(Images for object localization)
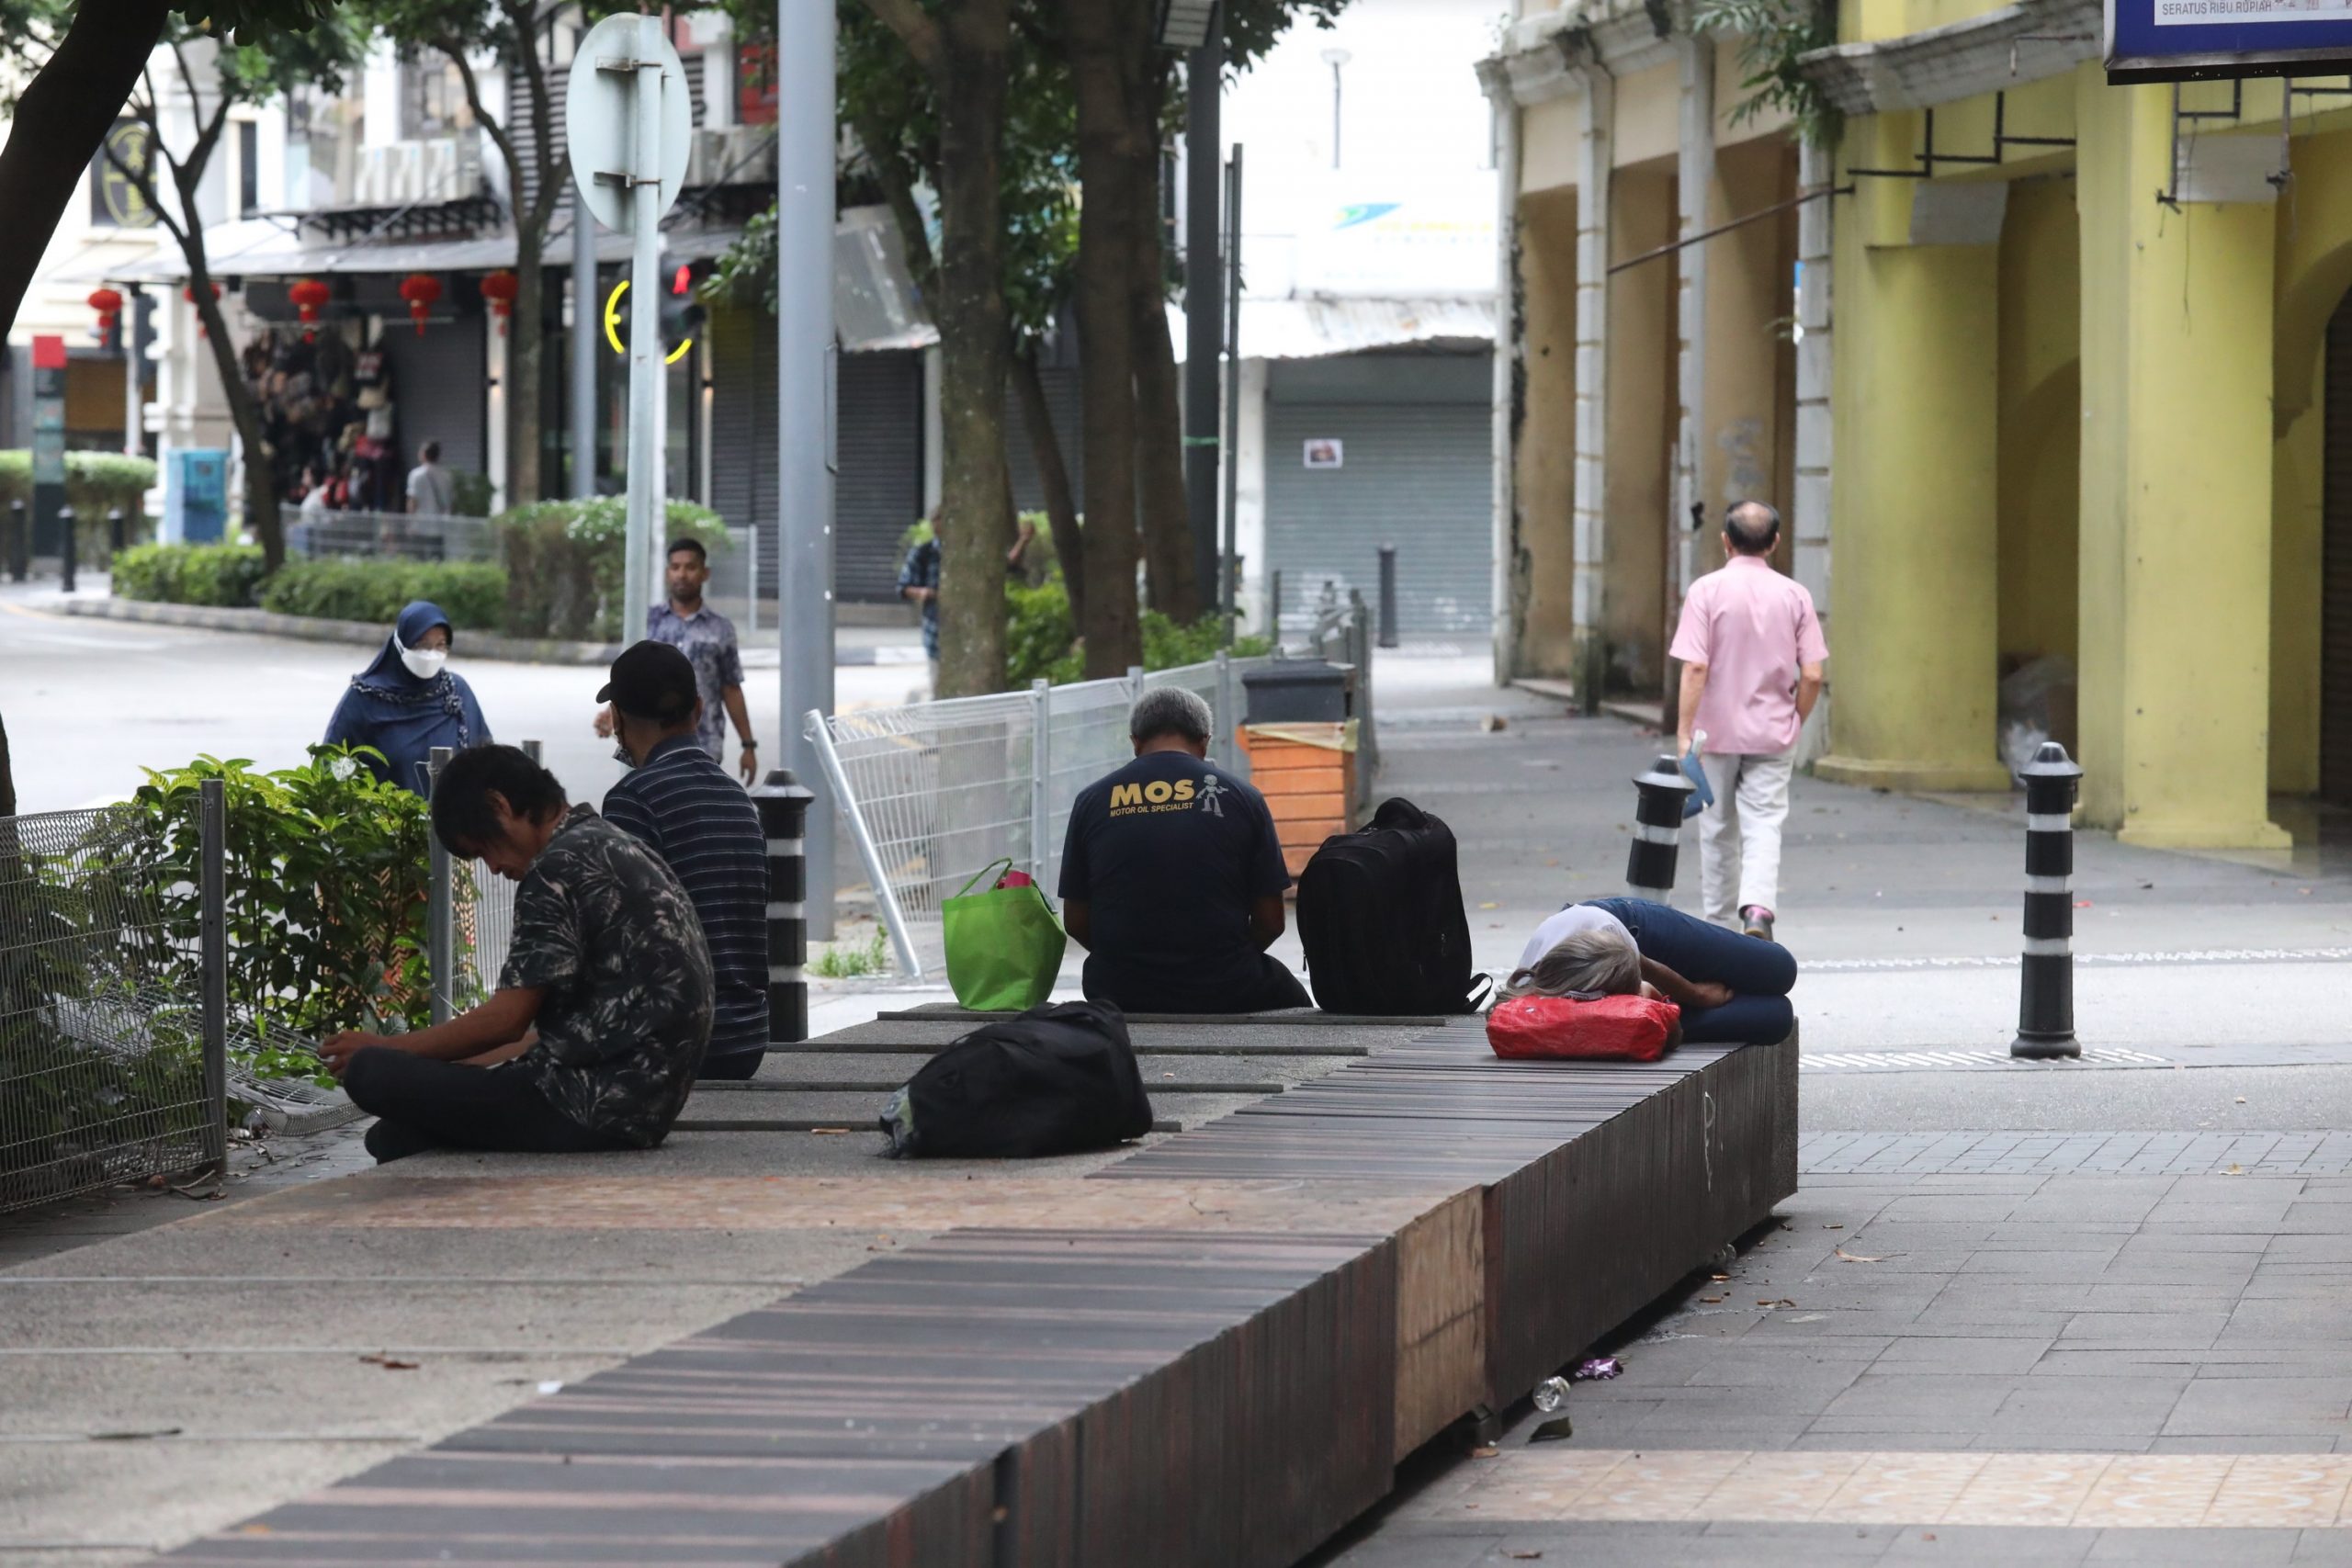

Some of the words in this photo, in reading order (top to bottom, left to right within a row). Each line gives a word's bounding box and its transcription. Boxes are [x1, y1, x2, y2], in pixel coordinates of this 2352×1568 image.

[2162, 2, 2207, 16] SERATUS
[2210, 2, 2233, 14] RIBU
[2236, 1, 2272, 13] RUPIAH
[1110, 779, 1194, 808] MOS
[1110, 806, 1136, 818] MOTOR
[1137, 805, 1149, 813] OIL
[1151, 802, 1194, 813] SPECIALIST

WORK REQUEST: Each entry should appear again exactly as written, pictures excluded.

THE ANSWER:
Some of the words in this photo, in reading order (top to bottom, left to right within a row). Each line gives a word's bounding box and its transcription. Boxes are [x1, y1, x2, y2], in pixel coordinates of this 2352×1568 image.

[2162, 2, 2207, 16] SERATUS
[2210, 2, 2233, 14] RIBU
[2236, 1, 2272, 13] RUPIAH
[1110, 779, 1194, 808] MOS
[1110, 806, 1136, 818] MOTOR
[1137, 805, 1149, 813] OIL
[1151, 802, 1194, 813] SPECIALIST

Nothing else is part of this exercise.